濃紺に朝顔の柄があしらえてあるその浴衣は、清楚な詩織に古風な魅力をつけ加えた。
約束の時間の10分前に、詩織は神社の入り口に着いた。
みかん色の夕焼けに長い影をうつしながら、愛はすでにいた。
ふたりの待ち合わせはいつもこうだった。
約束の時間30分前に愛が到着し、その20分後に詩織が到着する。
愛は白い浴衣に、椿があしらえてある浴衣を着ていた。
詩織を見つけた愛の顔が、ぱっと明るくなる。
「詩織ちゃん...」
しかし、その顔はすぐに暗くなる。
詩織は愛の心情を察し、明るく言った。
「わあ...いい浴衣ね、買ってもらったの?」
「う...うん」
詩織の声に、愛の表情は少し明るさを取り戻した。
「じゃ、行きましょ」
詩織は大田のことは一切口にせず、愛と祭りを楽しんだ。
金魚すくい、ヨーヨー釣り、輪投げ...。
そこにはいつもの仲の良い詩織と愛の姿があった。
神社のはずれにある森にやってきたふたり。
というよりも、愛に導かれてやってきたという方が正しいだろうか。
人気はなく、祭囃子が遠くからかすかに聞こえてくる。
「ごめんね...詩織ちゃん...ごめんね...」
前を歩いていた愛は、立ち止まるなり詩織に背を向けたままそう言った。
何の事に対して謝っているのか、すぐにわかった。
「メグが謝る必要なんてないわ」
愛の小さな肩が、僅かに震えている。
「詩織ちゃん...」
ゆっくりと振り向いた愛の瞳には、今にもあふれださんばかりに涙がたまっていた。
そして、悲しそうな表情のまま、愛は浴衣の帯に手をかけ、それをほどきはじめた。
「メ...メグ?」
するりという布ずれの音と共に外れる帯。
それと同時にはらりとはだける浴衣。
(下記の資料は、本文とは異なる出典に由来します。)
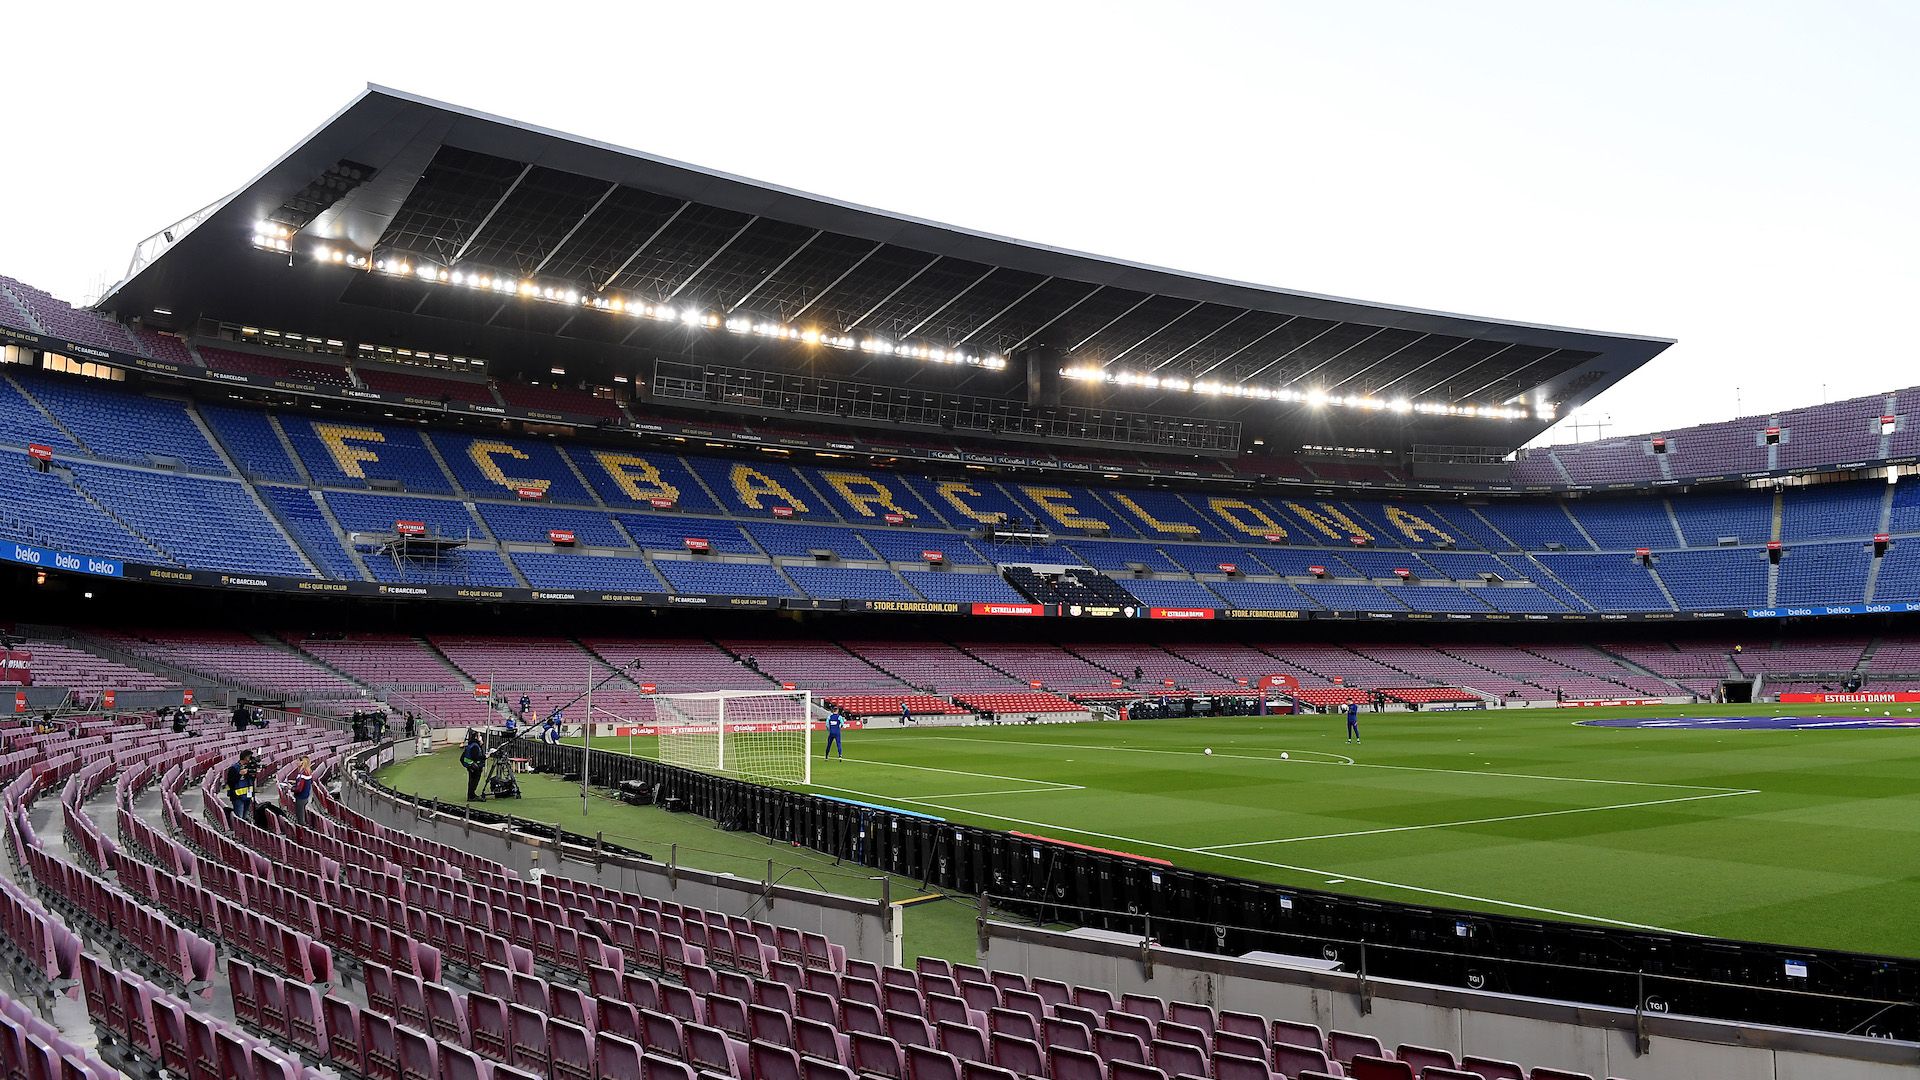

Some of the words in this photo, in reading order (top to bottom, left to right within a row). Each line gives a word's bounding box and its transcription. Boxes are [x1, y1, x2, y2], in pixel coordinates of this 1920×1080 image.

その下には何もつけていない愛。
浴衣の裾の奥からのぞく、愛の未成熟だが白く美しい裸体。
しかし、詩織の瞳には信じられないものが飛びこんできた。
思わず、息を呑んでしまう詩織。
そこには、わずかに生えたアンダーヘアーを押しのけるようにして、男性器があった。
「メ...メグ...」
驚きを隠せない詩織。
その表情を見て、愛の涙がつうっと頬をつたう。
しかし、涙を流しながらも無理に笑おうとする愛。
「私...私...もう...もう...普通の女の子じゃ...なくなっちゃったの...」
しかし、耐えきれなくなったのか、言い終えたあと、ひっく、ひっくとしゃくりあげはじめる。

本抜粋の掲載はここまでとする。